Peak Profile: Ed Robson ’54

Ed Robson’s scholarship was in jeopardy when he was cut from the Colorado College hockey team by Coach Cheddy Thompson during his sophomore year (freshmen weren’t eligible).

Recognizing an opportunity to reclaim his spot, he joined CC alumni in a game against the varsity team, scoring a tying goal that ensured he was back on the team for the rest of his CC career.

“This was very fortunate, if not very lucky,” he says. “This is part of having some success along the way. The few chances I’ve had like that hockey game have gone a long way in contributing to my success.”

Robson’s CC hockey experiences parallel his hard-earned success as an entrepreneur and a leading developer of communities for active adults.

“After Colorado College, my next 10 years were like graduate school,” says Robson, who became a naval aviator in the U.S. Marine Corps, played hockey with Team U.S.A. in 1955, and served as an alternate on the U.S. Olympic Team in 1956. “I then went on to a short stint at the Del Webb Company, all before starting my own company with two friends.”

Ultimately that company, Robson Communities, Inc., became wildly successful after it established Sun Lakes, a master-planned community in Maricopa County, Arizona, in 1972. Like that CC hockey game many years earlier, timing was critical.
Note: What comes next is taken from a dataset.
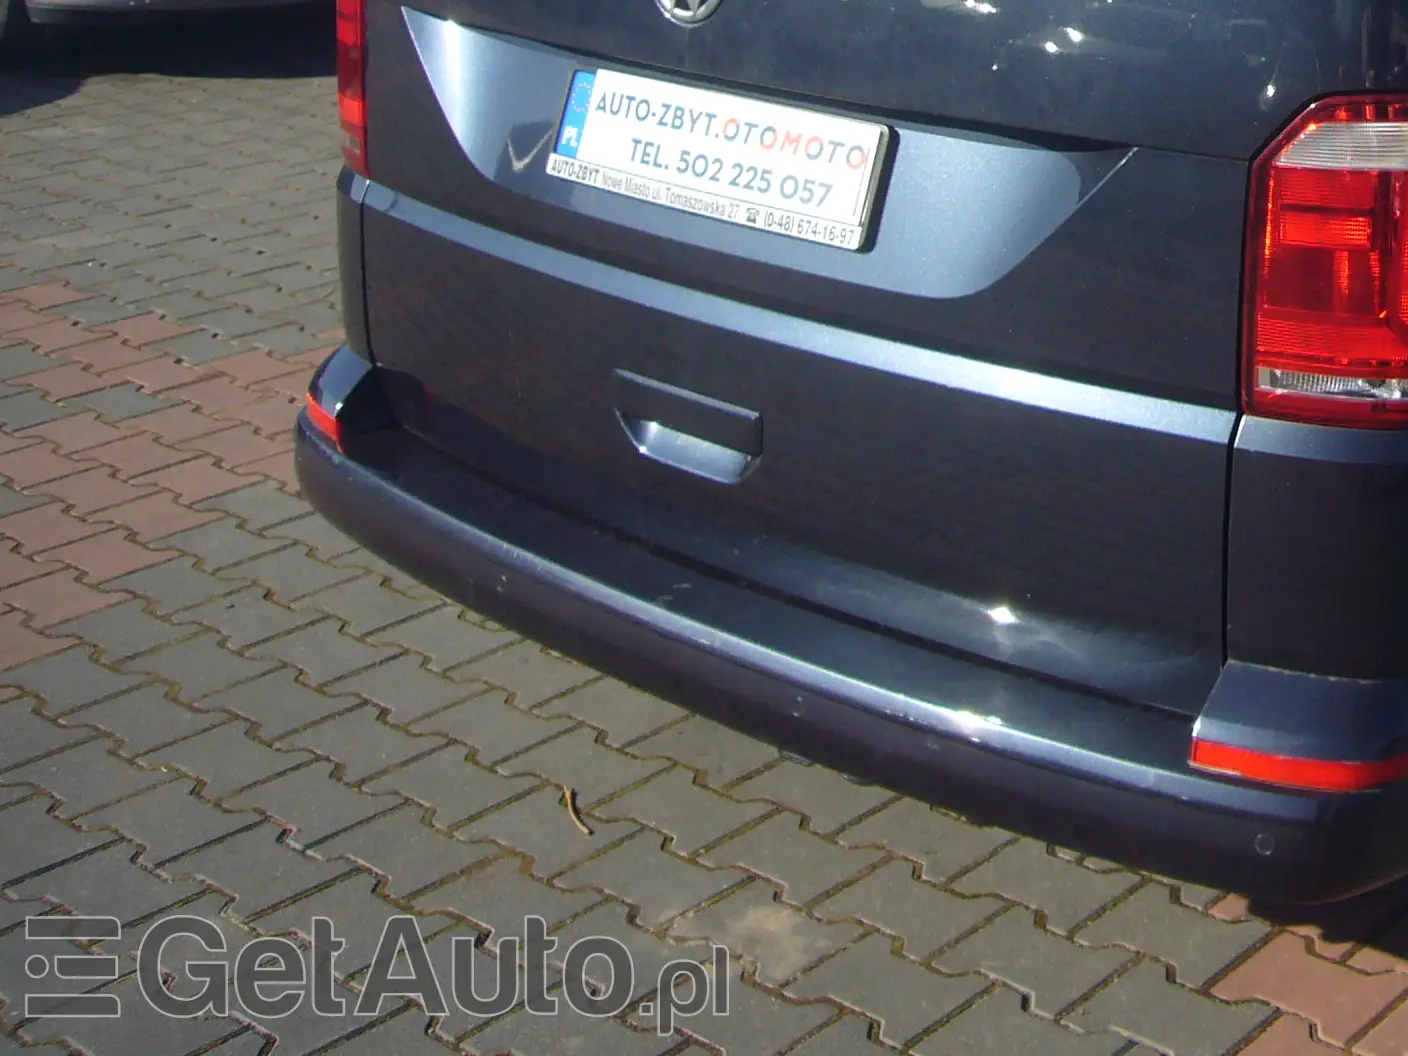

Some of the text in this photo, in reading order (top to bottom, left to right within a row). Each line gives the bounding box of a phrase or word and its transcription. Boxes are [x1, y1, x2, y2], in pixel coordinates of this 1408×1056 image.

In 1976, Robson bought out his partners and shifted from mobile homes to site-built homes, increasing sales and building Sun Lakes into one of the nation’s largest pioneering active adult communities, with nearly 20,000 residents today.

In 1985, while his business was thriving, Robson was challenged again when his wife, LaNelle Beck Robson ’58 was killed in a boating accident on Lake Powell in Arizona.

“I think about her often,” Robson says. “Her death was senseless. It took me a long time to recover.”

She and Robson have five children, including Steve Robson ’79. During this difficult time, the family bonded together to move forward.

Despite challenges, Robson always is optimistic.

“I have been very lucky,” he says. “But luck only counts if you build on it. Part of my outrageous
good fortune was having a good economy under several administrations with the gross domestic product  greater than 3 percent annually. Today, confidence in the housing market is good and the economy is growing now, which will help us immensely in the future.”

Robson’s good fortune and hard work have resulted in more than 30,000 homes and home sites sold in Arizona and Texas and hundreds of awards and honors recognizing his achievements in the home building industry. Some of those accolades include Builder of the Year and Icon of the Industry recognitions by the National Association of Home Builders 55+ Housing Council and the Grand Award by the Home Builders Association of Arizona.

Robson possesses a deeply held belief in helping others by creating exceptional communities and giving philanthropically. His generosity has benefited countless people at Colorado College, Arizona State University, the University of Arizona, the Boys & Girls Club, St. Joseph’s Hospital, and many other organizations.

“You have to have empathy for others,” Robson says. “You also have to be happy with your work to be happy with your life.”

In 2008, the Ed Robson Family Branch of the Boys and Girls Club of Metro Phoenix opened, and in 2015 contributions were made to the Boys Hope Girls Hope of Arizona to revitalize the Boys Hope home.

Robson has served on Colorado College’s Board of Trustees, endowed scholarships for CC students and hockey players, and was awarded an honorary doctor of humane letters from the college in 2014. Most recently, he gave $8 million for the Edward J. Robson Arena, a new on-campus hockey practice arena that the college will break ground for during the 2018-19 academic year.

Creating exceptional retirement communities for active adults complements his desire to help others and give back to formative experiences.

“Life has taught me that during your career, as well as your early years, having a few successes goes a long way to build confidence, and helps you along the way,” Robson says. “Sports and college life at CC were wonderful contributors to that.”